Prompt: The entries that follow should be repeated exactly, with no pictures kept.

[Text-to-region grounding data]
•••••
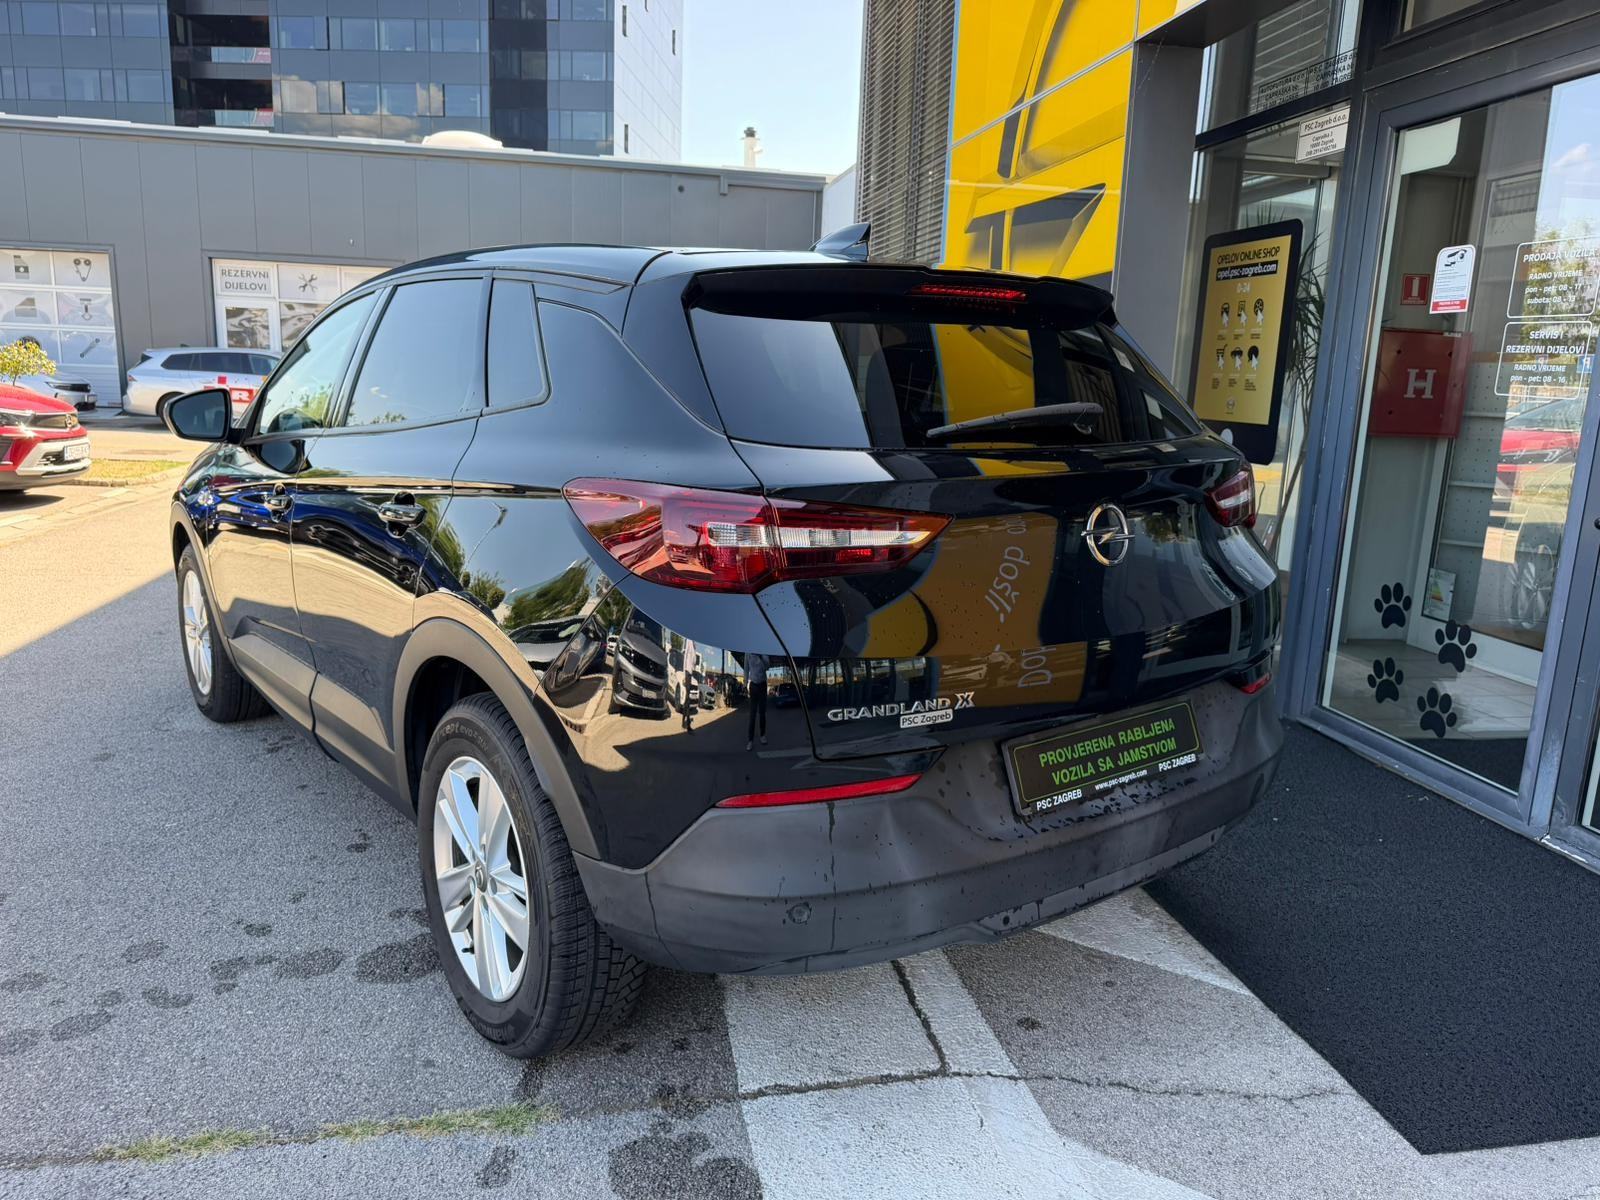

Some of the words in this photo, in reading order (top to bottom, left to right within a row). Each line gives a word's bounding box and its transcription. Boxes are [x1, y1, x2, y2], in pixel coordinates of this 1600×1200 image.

[1304, 122, 1314, 131] PSC
[1314, 116, 1332, 129] Zagreb
[1333, 113, 1347, 123] d.o.o.
[1240, 247, 1263, 262] ONLINE
[1262, 245, 1281, 259] SHOP
[1523, 252, 1561, 263] PRODAJA
[1564, 248, 1595, 258] VOZILA
[221, 268, 269, 279] REZERVNI
[1528, 272, 1553, 280] RADNO
[1553, 269, 1584, 279] VRIJEME
[224, 281, 267, 291] DIJELOVI
[1525, 287, 1538, 295] pon
[1527, 296, 1551, 305] subota:
[1529, 330, 1559, 340] SERVIS
[1506, 345, 1546, 354] REZERVNI
[1546, 345, 1585, 354] DIJELOVI
[1513, 363, 1537, 372] RADNO
[1537, 364, 1567, 373] VRIJEME
[1403, 368, 1437, 399] H
[1510, 375, 1523, 383] pon
[827, 698, 951, 722] GRANDLAND
[954, 691, 976, 710] X
[901, 715, 918, 727] PSC
[920, 711, 951, 726] Zagreb
[1039, 735, 1116, 768] PROVJERENA
[1118, 718, 1176, 746] RABLJENA
[1052, 761, 1096, 786] VOZILA
[1098, 757, 1115, 772] SA
[1117, 737, 1177, 767] JAMSTVOM
[1158, 760, 1172, 772] PSC
[1171, 753, 1197, 768] ZAGREB
[1094, 769, 1148, 791] www.psc-zagreb.com
[1036, 799, 1052, 811] PSC
[1052, 788, 1082, 806] ZAGREB
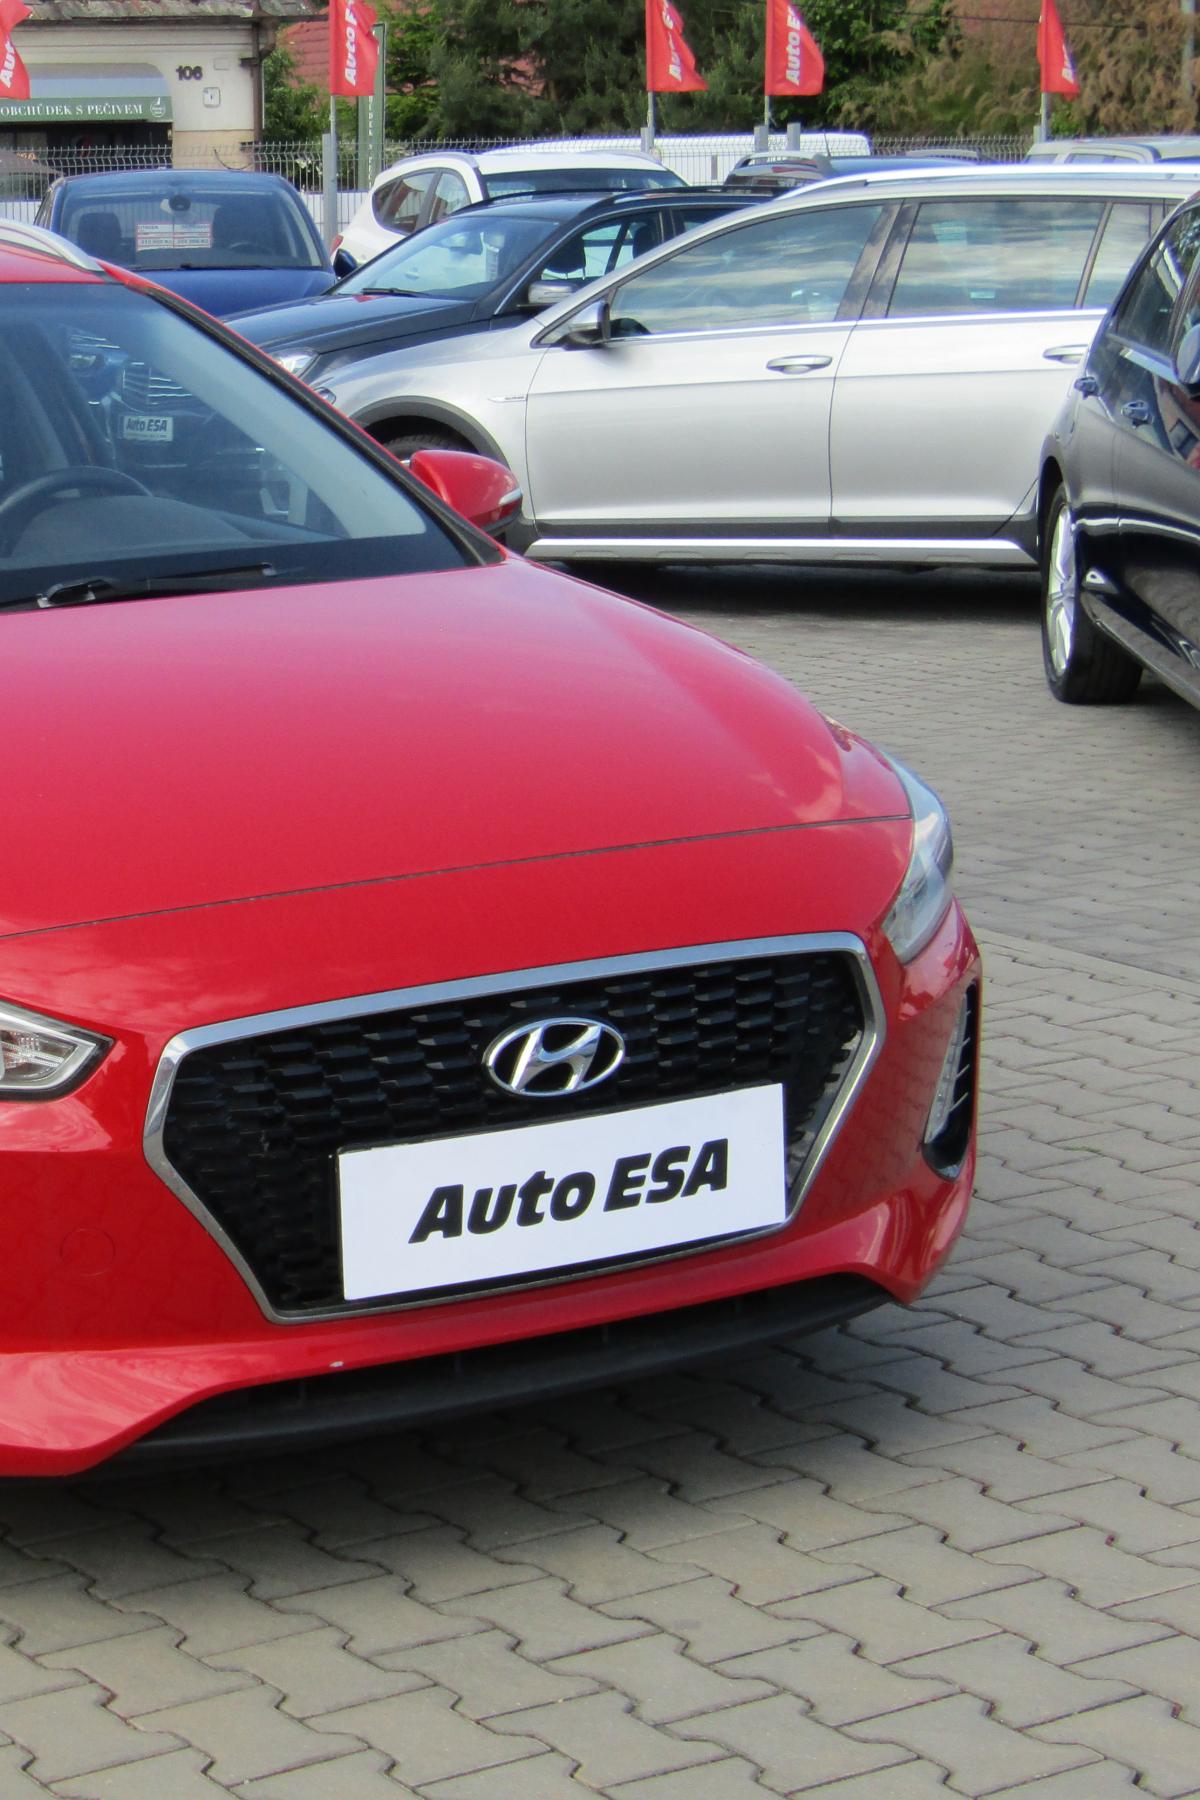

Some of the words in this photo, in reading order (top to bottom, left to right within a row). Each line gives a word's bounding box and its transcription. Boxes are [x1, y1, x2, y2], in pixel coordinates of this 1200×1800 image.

[785, 31, 801, 87] Auto
[0, 103, 72, 116] OBCHŮDEK
[75, 105, 83, 115] S
[87, 103, 143, 115] PEČIVEM
[126, 417, 146, 431] Auto
[147, 418, 167, 432] ESA
[408, 1170, 595, 1244] Auto
[603, 1138, 728, 1213] ESA
•••••
Task solution:
Some of the words in this photo, in reading order (top to bottom, left to right within a row). Each line gives a word's bounding box and its transcription. Boxes are [x1, y1, x2, y2], in pixel coordinates of this 1600×1200 image.

[1304, 122, 1314, 131] PSC
[1314, 116, 1332, 129] Zagreb
[1333, 113, 1347, 123] d.o.o.
[1240, 247, 1263, 262] ONLINE
[1262, 245, 1281, 259] SHOP
[1523, 252, 1561, 263] PRODAJA
[1564, 248, 1595, 258] VOZILA
[221, 268, 269, 279] REZERVNI
[1528, 272, 1553, 280] RADNO
[1553, 269, 1584, 279] VRIJEME
[224, 281, 267, 291] DIJELOVI
[1525, 287, 1538, 295] pon
[1527, 296, 1551, 305] subota:
[1529, 330, 1559, 340] SERVIS
[1506, 345, 1546, 354] REZERVNI
[1546, 345, 1585, 354] DIJELOVI
[1513, 363, 1537, 372] RADNO
[1537, 364, 1567, 373] VRIJEME
[1403, 368, 1437, 399] H
[1510, 375, 1523, 383] pon
[827, 698, 951, 722] GRANDLAND
[954, 691, 976, 710] X
[901, 715, 918, 727] PSC
[920, 711, 951, 726] Zagreb
[1039, 735, 1116, 768] PROVJERENA
[1118, 718, 1176, 746] RABLJENA
[1052, 761, 1096, 786] VOZILA
[1098, 757, 1115, 772] SA
[1117, 737, 1177, 767] JAMSTVOM
[1158, 760, 1172, 772] PSC
[1171, 753, 1197, 768] ZAGREB
[1094, 769, 1148, 791] www.psc-zagreb.com
[1036, 799, 1052, 811] PSC
[1052, 788, 1082, 806] ZAGREB

Some of the words in this photo, in reading order (top to bottom, left to right within a row). Each line gives a word's bounding box and its transcription. Boxes are [x1, y1, x2, y2], in pixel coordinates of this 1200×1800 image.

[785, 31, 801, 87] Auto
[0, 103, 72, 116] OBCHŮDEK
[75, 105, 83, 115] S
[87, 103, 143, 115] PEČIVEM
[126, 417, 146, 431] Auto
[147, 418, 167, 432] ESA
[408, 1170, 595, 1244] Auto
[603, 1138, 728, 1213] ESA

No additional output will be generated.